[Stored data entries]

>>>>

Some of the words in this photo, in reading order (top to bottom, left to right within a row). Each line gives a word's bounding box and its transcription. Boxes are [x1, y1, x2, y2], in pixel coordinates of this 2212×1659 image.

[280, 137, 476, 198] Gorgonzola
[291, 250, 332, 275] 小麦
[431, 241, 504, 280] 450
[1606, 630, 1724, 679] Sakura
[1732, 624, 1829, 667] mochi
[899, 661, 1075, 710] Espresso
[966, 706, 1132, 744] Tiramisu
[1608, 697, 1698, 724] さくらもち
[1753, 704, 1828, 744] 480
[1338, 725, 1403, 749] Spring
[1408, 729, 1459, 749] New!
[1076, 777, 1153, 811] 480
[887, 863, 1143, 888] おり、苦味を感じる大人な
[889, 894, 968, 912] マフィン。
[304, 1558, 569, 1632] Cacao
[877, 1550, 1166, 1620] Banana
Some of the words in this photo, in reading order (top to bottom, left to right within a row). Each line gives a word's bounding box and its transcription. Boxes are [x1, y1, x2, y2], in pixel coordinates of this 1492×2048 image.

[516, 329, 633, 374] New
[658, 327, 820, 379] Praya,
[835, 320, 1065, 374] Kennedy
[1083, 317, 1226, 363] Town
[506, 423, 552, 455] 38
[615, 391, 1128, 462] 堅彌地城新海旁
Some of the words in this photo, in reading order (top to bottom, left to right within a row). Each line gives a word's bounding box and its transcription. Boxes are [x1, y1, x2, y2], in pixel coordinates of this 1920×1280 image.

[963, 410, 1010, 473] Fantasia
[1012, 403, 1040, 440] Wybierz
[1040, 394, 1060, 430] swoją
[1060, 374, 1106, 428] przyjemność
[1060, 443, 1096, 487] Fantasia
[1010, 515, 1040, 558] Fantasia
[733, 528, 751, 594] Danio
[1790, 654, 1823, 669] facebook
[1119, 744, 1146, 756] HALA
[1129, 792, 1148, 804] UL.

<<<<

WHAT YOU ARE ASKED TO DO: Reproduce exactly the line bearing "this 1920×1280 image." and all the lines that come after it in the records above; add nothing.

ANSWER SECTION:
Some of the words in this photo, in reading order (top to bottom, left to right within a row). Each line gives a word's bounding box and its transcription. Boxes are [x1, y1, x2, y2], in pixel coordinates of this 1920×1280 image.

[963, 410, 1010, 473] Fantasia
[1012, 403, 1040, 440] Wybierz
[1040, 394, 1060, 430] swoją
[1060, 374, 1106, 428] przyjemność
[1060, 443, 1096, 487] Fantasia
[1010, 515, 1040, 558] Fantasia
[733, 528, 751, 594] Danio
[1790, 654, 1823, 669] facebook
[1119, 744, 1146, 756] HALA
[1129, 792, 1148, 804] UL.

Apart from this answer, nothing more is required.